Is it always this difficult to propose?
The third milestone1 in the PhD process here at Imperial College is to submit a research plan. Similarly, once a supervisor has been agreed, the funding body supporting my PhD studies requires that a proposal be submitted.
The plan for College does not have to be terribly long (four pages); there will be substantial overlap between the plan I write for college and the proposal sent to the funding body. A number of people has assured me that it is likely that my plans will change during the PhD, such that the planned work in the proposal is not that which I end up submitting.
I am extending some work which formed part of my MSc, and as such, my supervisor and I have talked at reasonable length about what work I will do over the next three years. We have met with my second supervisor and talked about applications of the methods we will develop.
Then why is actually getting the plan down on paper so hard?
According to my student handbook, the research plan “should demonstrate a sound understanding of the research to be undertaken”.
So then for me, the difficulty arises when I attempt to explain with some degree of fluency the background to my study. I am new to the field of statistical genetics, or at least, the statistics part. When it comes to the concepts relating to genetics, I feel at home; however, and I am not a statistician. Trying to express with some degree of fluency the statistical concepts which do not (yet) trip off my own tongue feels laborious.

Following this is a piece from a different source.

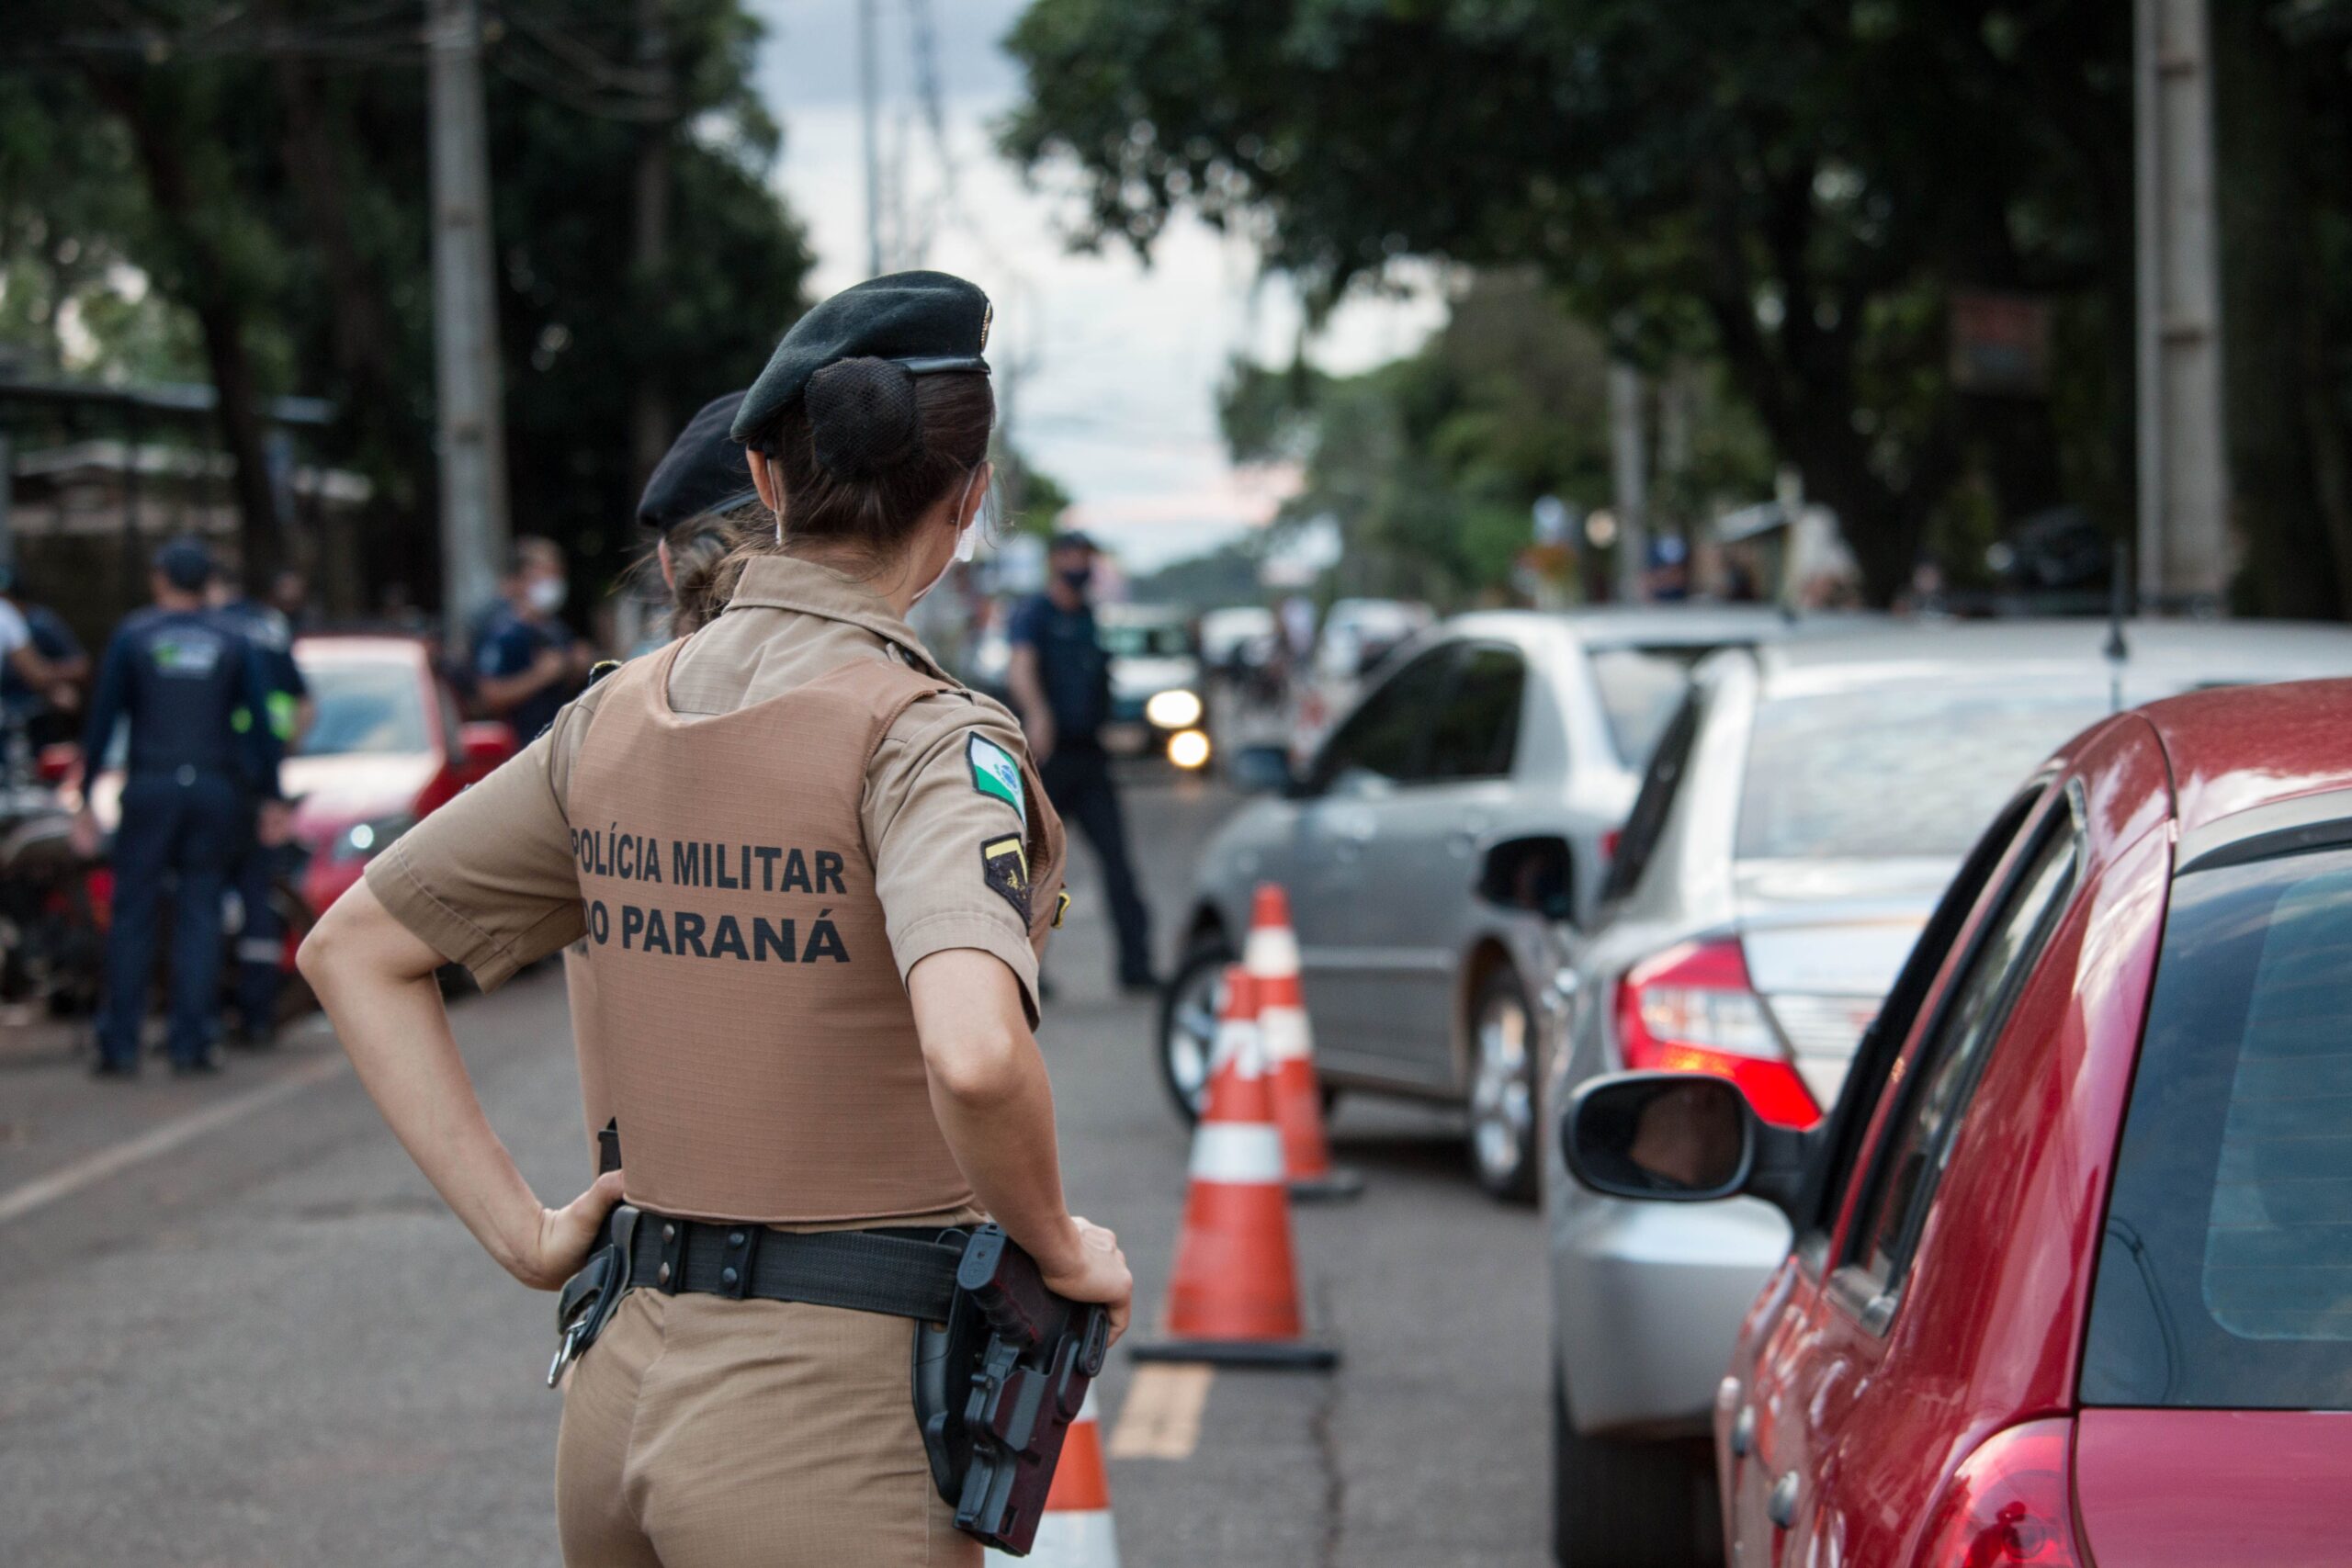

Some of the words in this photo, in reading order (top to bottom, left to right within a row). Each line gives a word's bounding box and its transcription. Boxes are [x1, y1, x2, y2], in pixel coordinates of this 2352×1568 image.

I was advised to write a lot of waffle keep the proposal general and non-technical. With my biologist’s mind, I interpreted this as “do not put any maths in”. However, if my PhD studies are going to cover statistics, I can see that learning how to waffle using mathematics express basic concepts clearly and succinctly is going to be a necessary skill, as it is likely that I will have to write the background to my study many times.

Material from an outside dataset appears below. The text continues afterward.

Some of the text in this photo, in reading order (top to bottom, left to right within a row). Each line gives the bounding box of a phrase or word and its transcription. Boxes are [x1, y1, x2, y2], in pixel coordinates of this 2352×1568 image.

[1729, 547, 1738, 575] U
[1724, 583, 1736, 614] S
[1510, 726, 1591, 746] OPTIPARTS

The current draft of the proposal reads like a hotch-potch of other people’s descriptions of what I am going to do, where I have taken a line from the introduction to a paper here, a series of equations presented in a textbook there. My handling of statistcal concepts feels clumsy, and I plead with my supervisor to proof-read my work carefully because the errors might not be obvious to me.
At the minute, putting together a coherent proposal feels extremely challenging. At different stages of an academic career, I imagine that the that the difficulties are different. As one gets more familiar with the field that one is proposing, do the challenges change?